### What you have to do
The entries are to be returned exactly, with images left out.
----
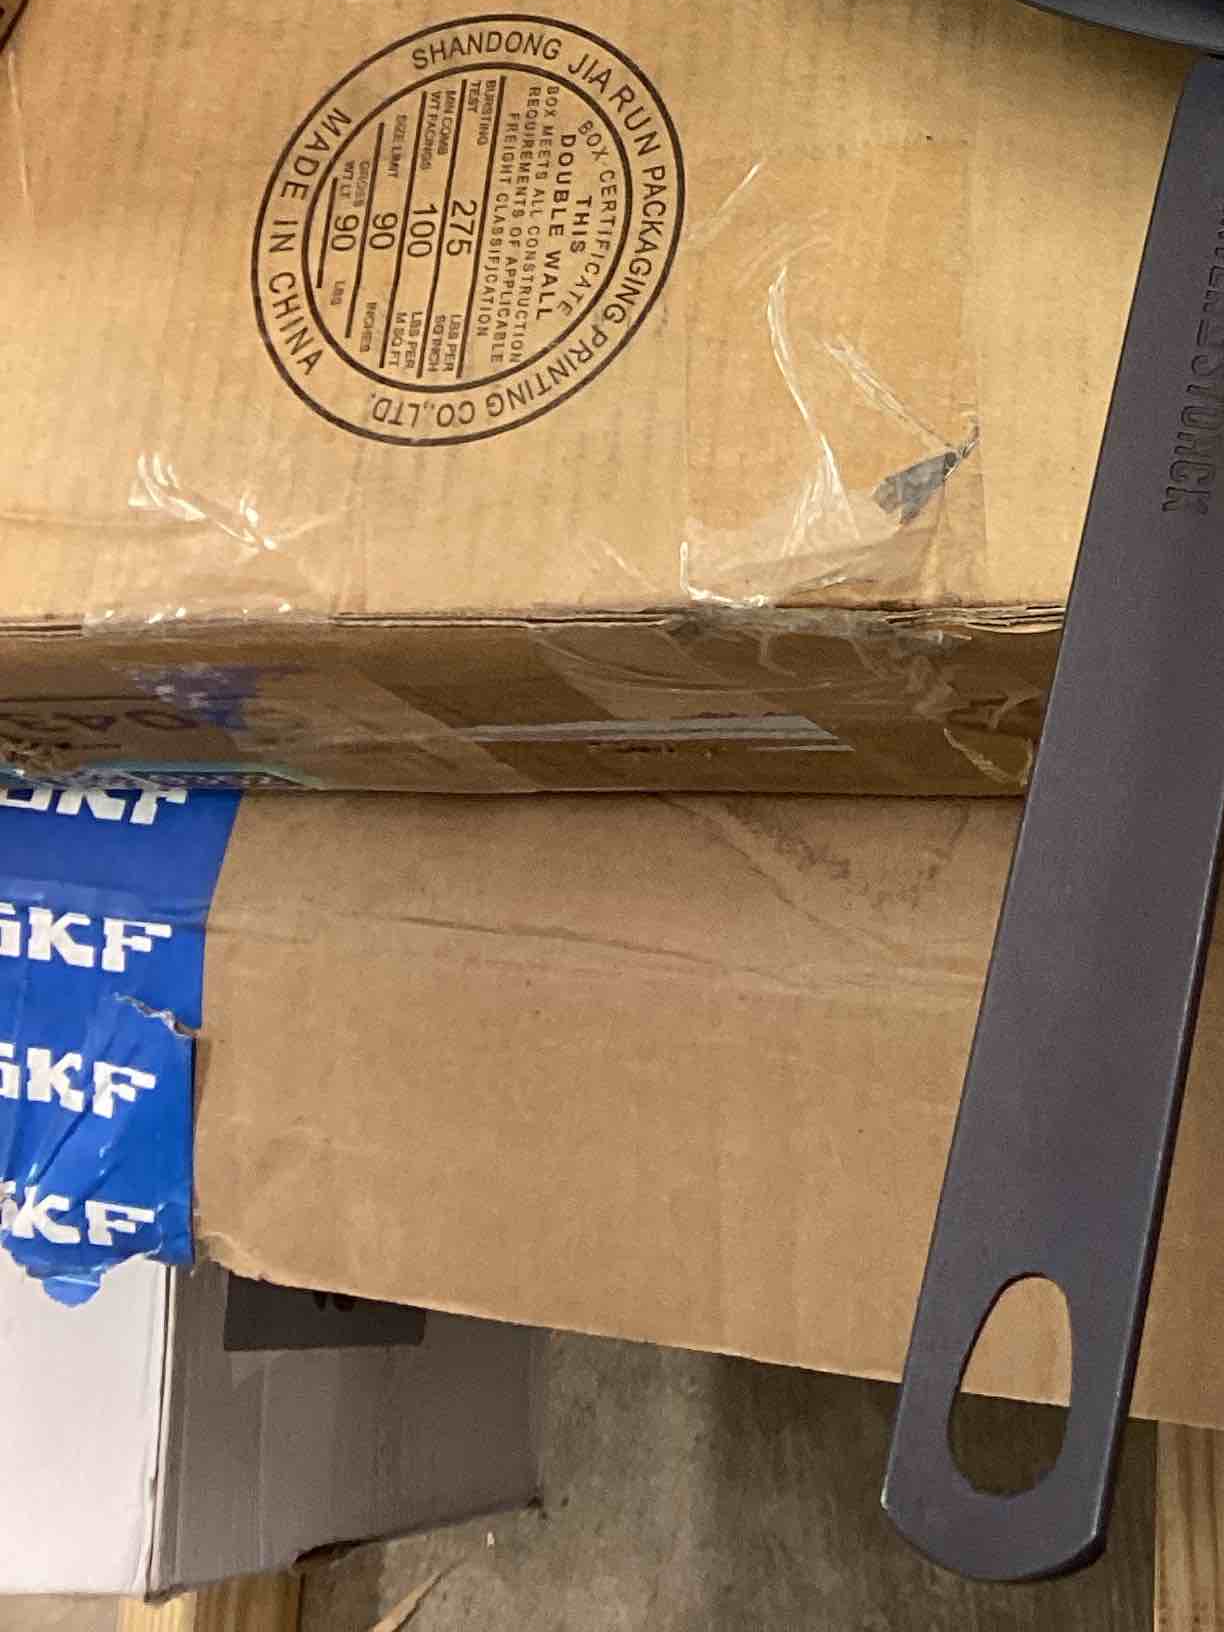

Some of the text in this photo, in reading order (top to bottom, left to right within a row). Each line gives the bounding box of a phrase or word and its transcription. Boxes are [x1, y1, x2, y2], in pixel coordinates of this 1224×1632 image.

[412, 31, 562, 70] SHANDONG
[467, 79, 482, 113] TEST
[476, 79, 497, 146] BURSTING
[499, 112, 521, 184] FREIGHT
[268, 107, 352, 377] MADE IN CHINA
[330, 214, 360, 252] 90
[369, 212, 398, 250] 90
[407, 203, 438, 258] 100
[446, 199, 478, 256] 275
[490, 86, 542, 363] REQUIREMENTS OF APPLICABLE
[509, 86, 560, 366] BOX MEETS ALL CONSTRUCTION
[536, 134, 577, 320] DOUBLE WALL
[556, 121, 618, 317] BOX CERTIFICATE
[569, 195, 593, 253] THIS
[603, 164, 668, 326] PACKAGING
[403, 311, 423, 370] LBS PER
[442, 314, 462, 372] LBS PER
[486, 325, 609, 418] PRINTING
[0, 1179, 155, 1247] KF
----
### Output for this task
Some of the text in this photo, in reading order (top to bottom, left to right within a row). Each line gives the bounding box of a phrase or word and its transcription. Boxes are [x1, y1, x2, y2], in pixel coordinates of this 1224×1632 image.

[412, 31, 562, 70] SHANDONG
[467, 79, 482, 113] TEST
[476, 79, 497, 146] BURSTING
[499, 112, 521, 184] FREIGHT
[268, 107, 352, 377] MADE IN CHINA
[330, 214, 360, 252] 90
[369, 212, 398, 250] 90
[407, 203, 438, 258] 100
[446, 199, 478, 256] 275
[490, 86, 542, 363] REQUIREMENTS OF APPLICABLE
[509, 86, 560, 366] BOX MEETS ALL CONSTRUCTION
[536, 134, 577, 320] DOUBLE WALL
[556, 121, 618, 317] BOX CERTIFICATE
[569, 195, 593, 253] THIS
[603, 164, 668, 326] PACKAGING
[403, 311, 423, 370] LBS PER
[442, 314, 462, 372] LBS PER
[486, 325, 609, 418] PRINTING
[0, 1179, 155, 1247] KF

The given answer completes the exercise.